Tennessee experienced at least two waves of severe weather Tuesday that ranged from high-winds and hail to deadly tornadoes.
As of 7:15 p.m. Wednesday, the Tennessee Emergency Management Agency is reporting 31 confirmed fatalities related to the storm activity. Those deaths, recorded by the Tennessee Department of Health, occurred in the following counties: Shelby, Fayette, Hardin, Macon, Madison, Sumner and Trousdale. More than 149 people have been reported as being injured and one person is presumed missing.
The State Emergency Operations Center in Nashville was activated by TEMA’s Director James Bassham at 6:30 p.m.Tuesday CST, as the storms began a deadly march across the state from Memphis through Middle Tennessee.

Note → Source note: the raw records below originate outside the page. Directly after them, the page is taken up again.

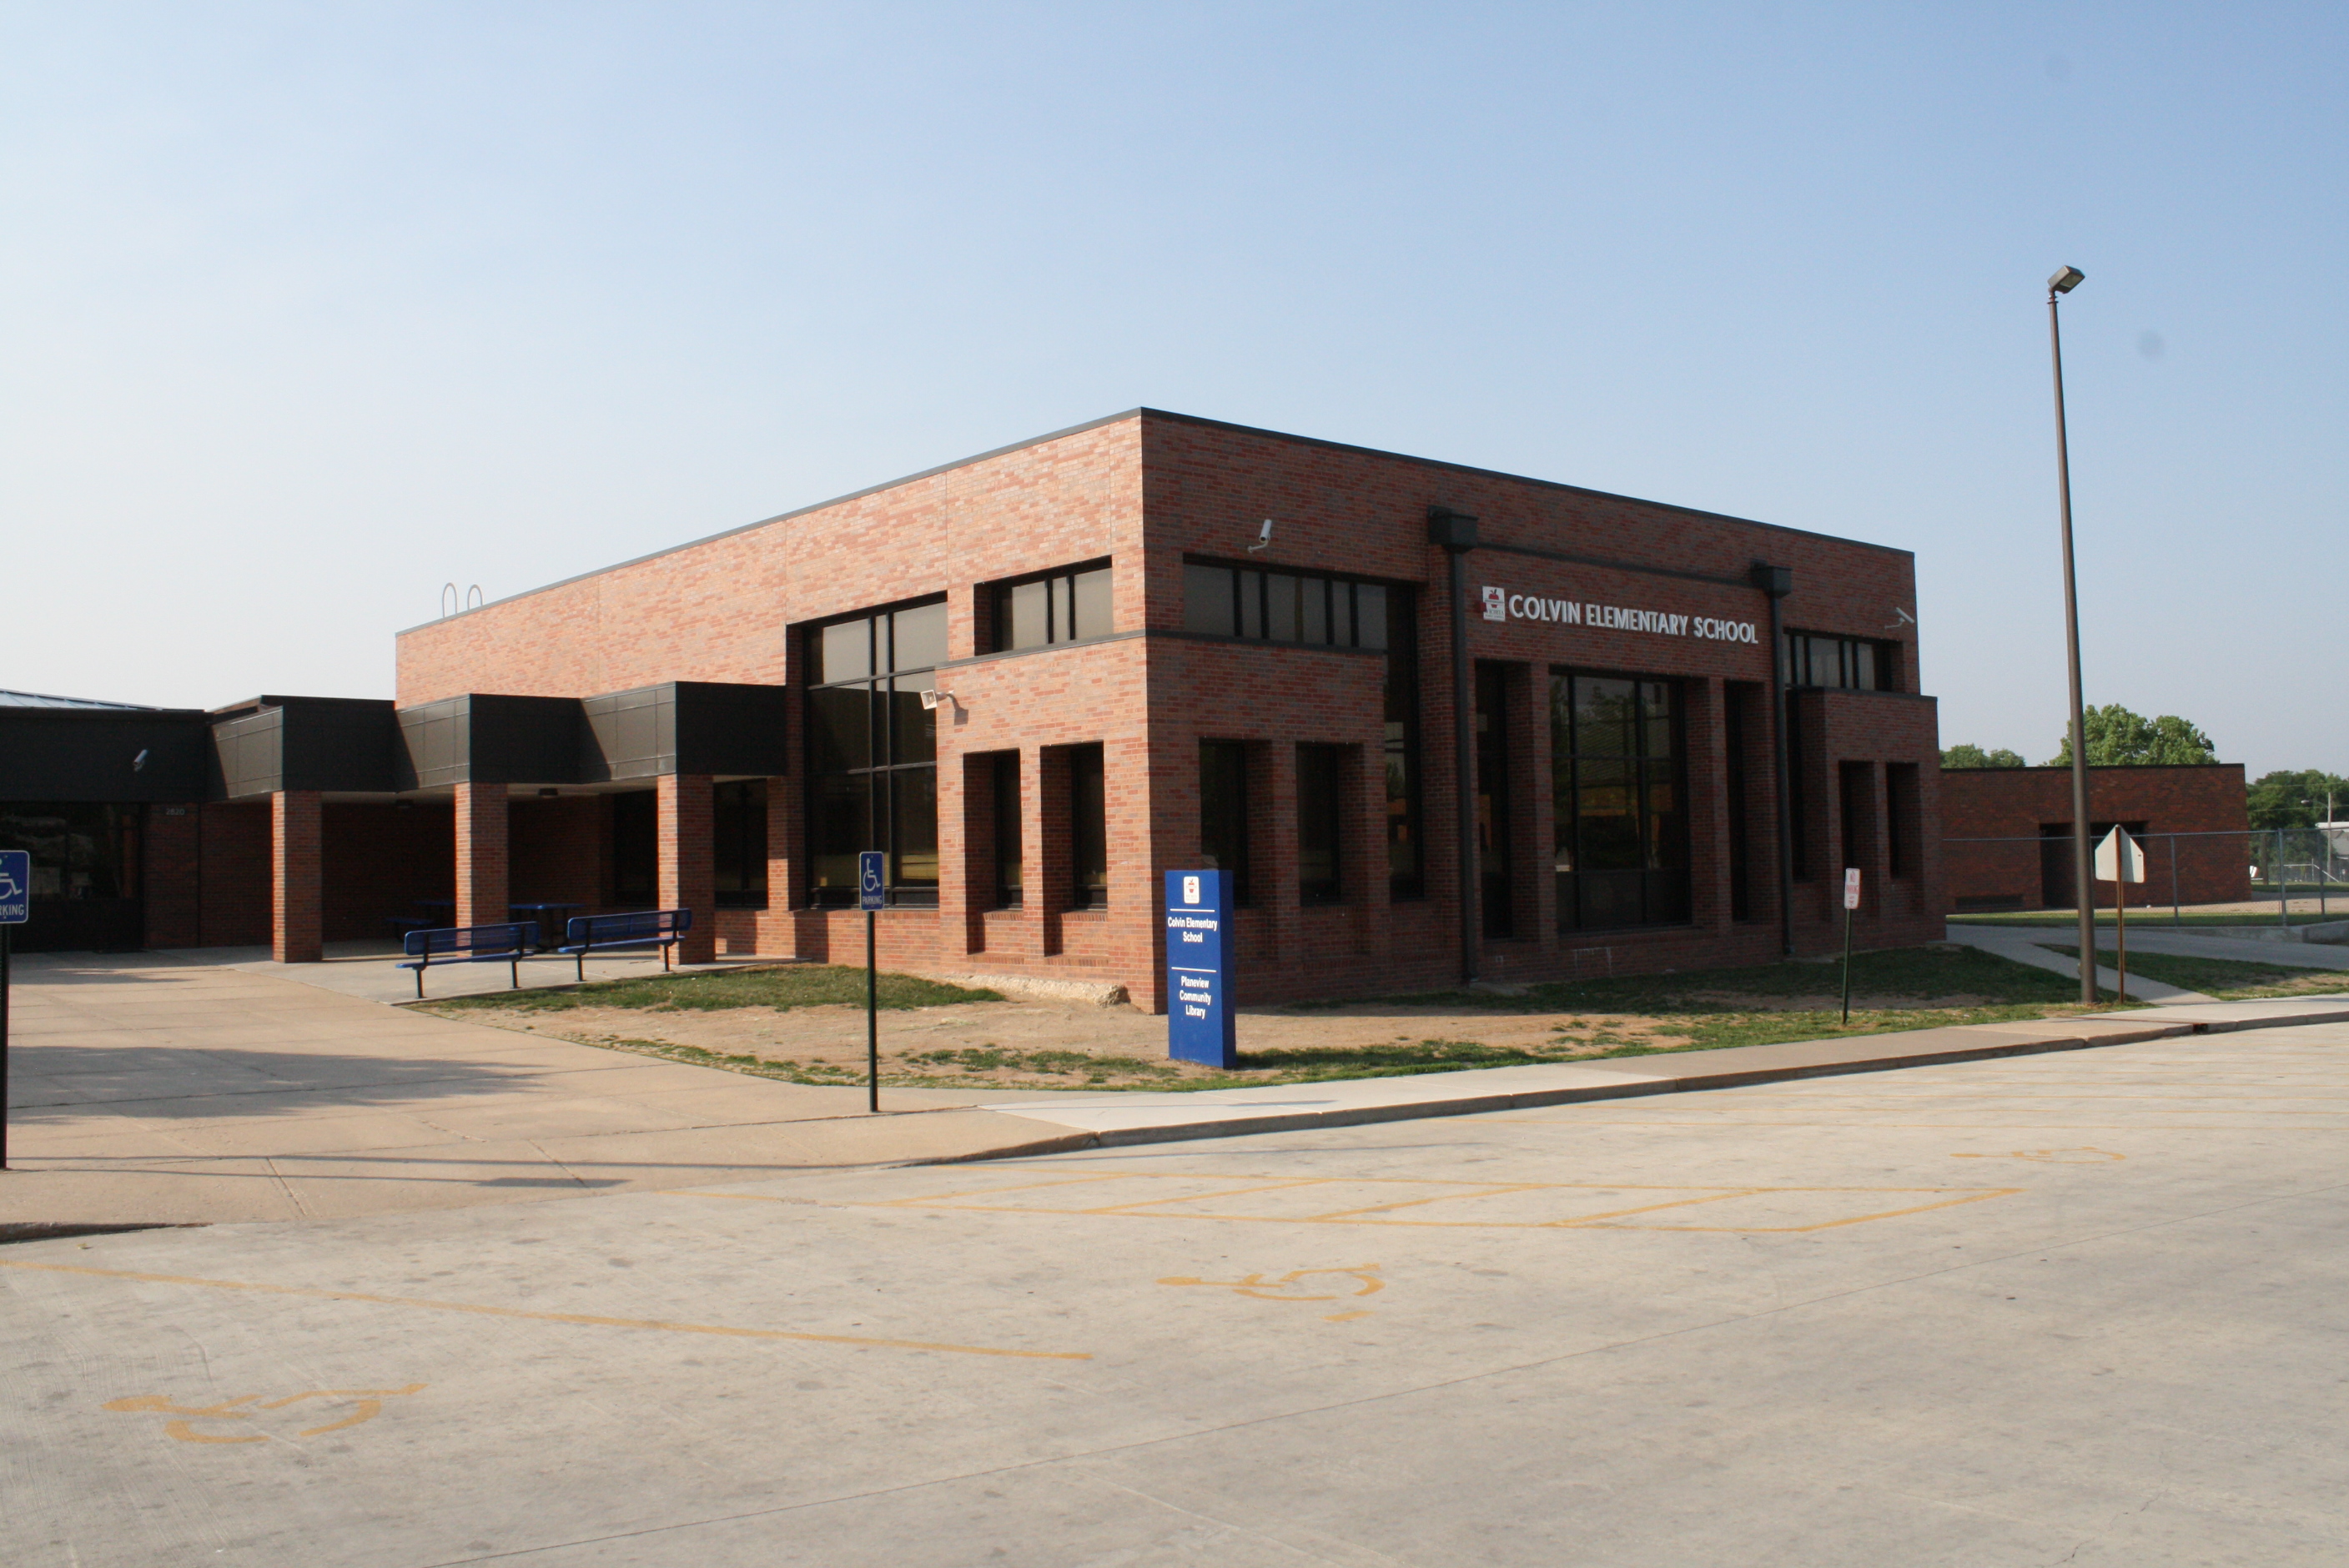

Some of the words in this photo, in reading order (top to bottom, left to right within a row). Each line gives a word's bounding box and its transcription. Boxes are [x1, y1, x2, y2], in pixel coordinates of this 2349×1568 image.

[1508, 595, 1581, 624] COLVIN
[1585, 604, 1688, 636] ELEMENTARY
[1693, 616, 1758, 644] SCHOOL
[862, 896, 883, 905] PARKING
[1168, 917, 1185, 927] Colvin
[1186, 917, 1218, 932] Elementary
[1183, 931, 1203, 942] School
[1181, 975, 1210, 988] Planeview
[1180, 990, 1211, 1005] Community
[1185, 1004, 1205, 1019] Library

The storm caused several crashes, but the most severe was located West of Jackson, Tenn., on Interstate 40. These crashes, which involved more than 25 tractor-trailers, temporarily closed the highway in both directions.
In Memphis, the storm released more than 120,000 lbs. of anhydrous ammonia when a tank was ruptured at the Hardy Bottling Co. on East Rains. This release to the atmosphere poses no risk to the public.
At Union University in Madison Co., 16 students were temporarily trapped in a dormitory after it was struck by a tornado. More than 30 people were transported to the Jackson-Madison Hospital.
A fire from a natural gas pipeline at the Columbia Gulf Transmission Co. facility in Hartsville, Tenn., was highly visible for much of the night. The fire, which has now burned out, reports indicated flames at one time reaching as high as 400 to 500 feet into the air due to the pressurized nature of the long-distance transmission pipeline.